**TASK**: What is needed is an exact copy of the entries below, with the pictures left out.

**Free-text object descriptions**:
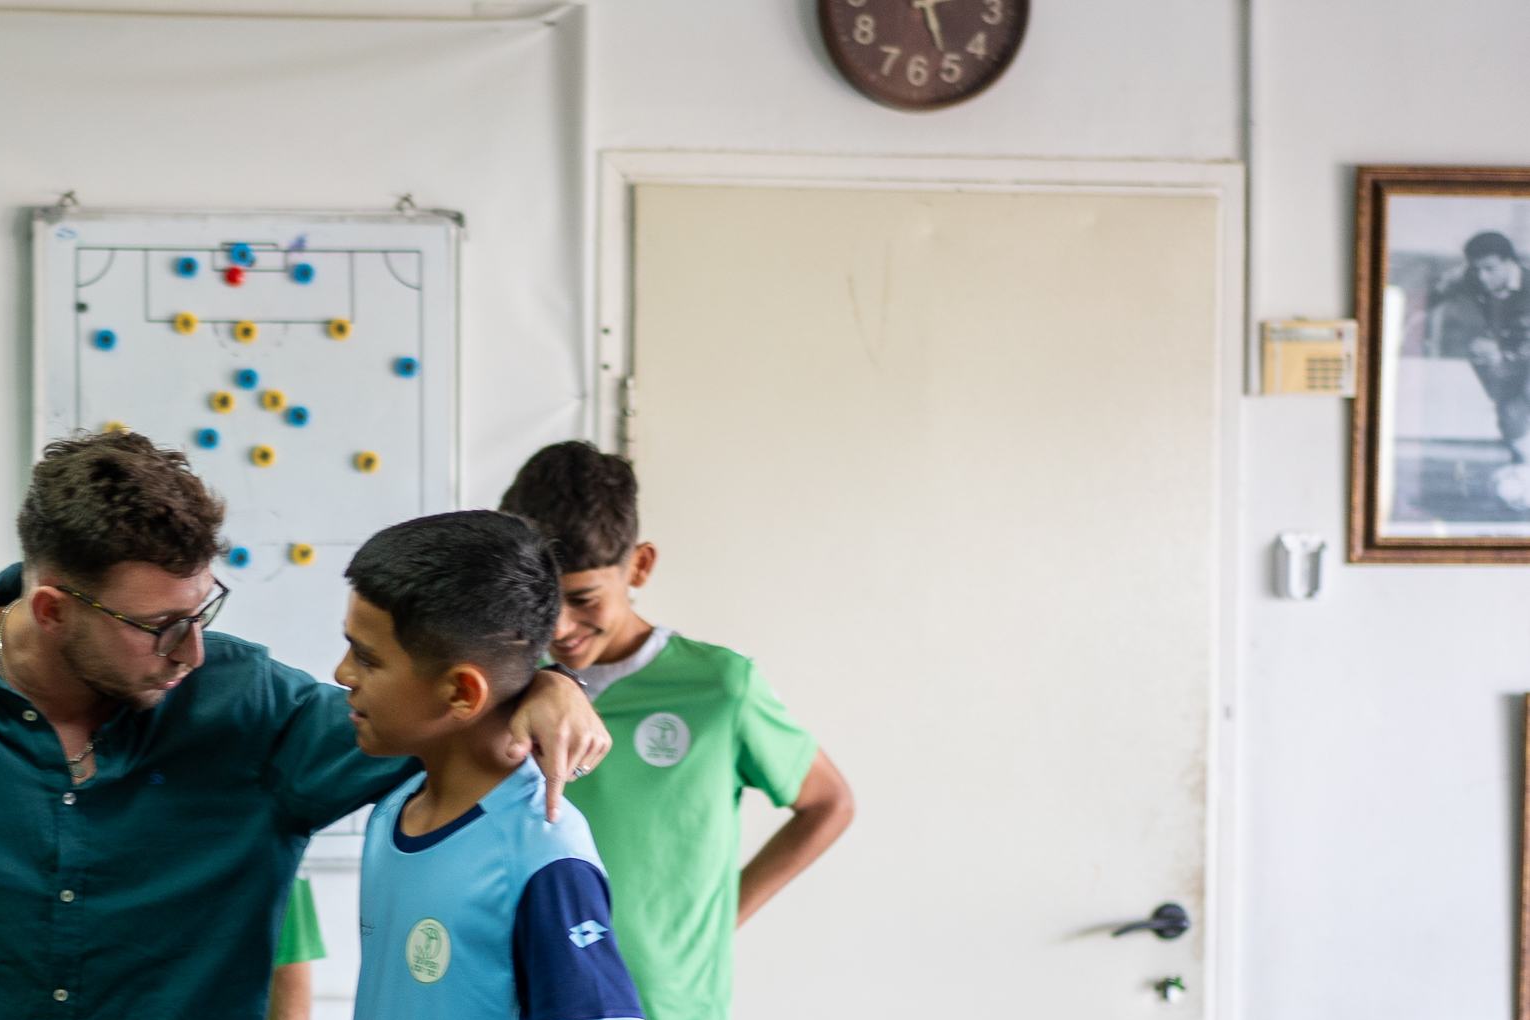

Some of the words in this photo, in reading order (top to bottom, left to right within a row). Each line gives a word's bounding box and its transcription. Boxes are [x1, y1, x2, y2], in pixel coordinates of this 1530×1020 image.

[982, 0, 1003, 25] 3
[854, 15, 875, 45] 8
[967, 32, 988, 60] 4
[880, 46, 901, 76] 7
[907, 57, 929, 87] 6
[940, 55, 963, 83] 5
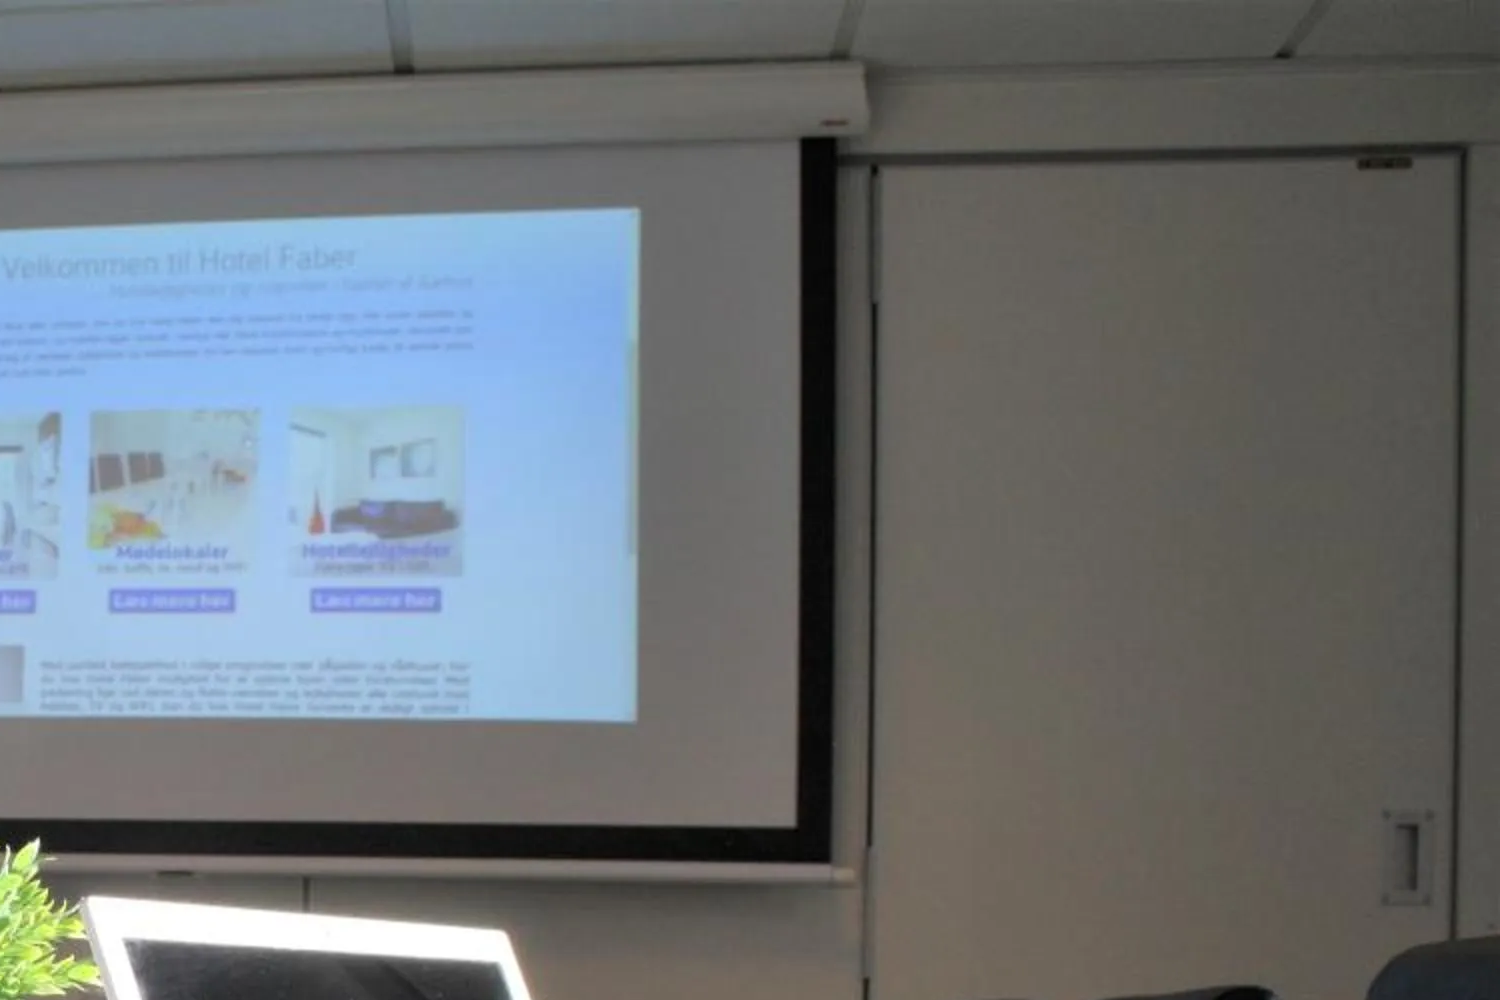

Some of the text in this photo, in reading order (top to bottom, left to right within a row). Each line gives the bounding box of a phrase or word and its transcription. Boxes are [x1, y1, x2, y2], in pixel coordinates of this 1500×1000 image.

[2, 243, 358, 280] Velkommen til Hotel Faber
[152, 592, 197, 609] mere
[199, 592, 229, 609] her
[353, 592, 401, 609] mere
[404, 592, 436, 609] her

**SOLUTION BELOW**:
Some of the words in this photo, in reading order (top to bottom, left to right within a row). Each line gives a word's bounding box and its transcription. Boxes are [x1, y1, x2, y2], in pixel coordinates of this 1530×1020 image.

[982, 0, 1003, 25] 3
[854, 15, 875, 45] 8
[967, 32, 988, 60] 4
[880, 46, 901, 76] 7
[907, 57, 929, 87] 6
[940, 55, 963, 83] 5

Some of the text in this photo, in reading order (top to bottom, left to right within a row). Each line gives the bounding box of a phrase or word and its transcription. Boxes are [x1, y1, x2, y2], in pixel coordinates of this 1500×1000 image.

[2, 243, 358, 280] Velkommen til Hotel Faber
[152, 592, 197, 609] mere
[199, 592, 229, 609] her
[353, 592, 401, 609] mere
[404, 592, 436, 609] her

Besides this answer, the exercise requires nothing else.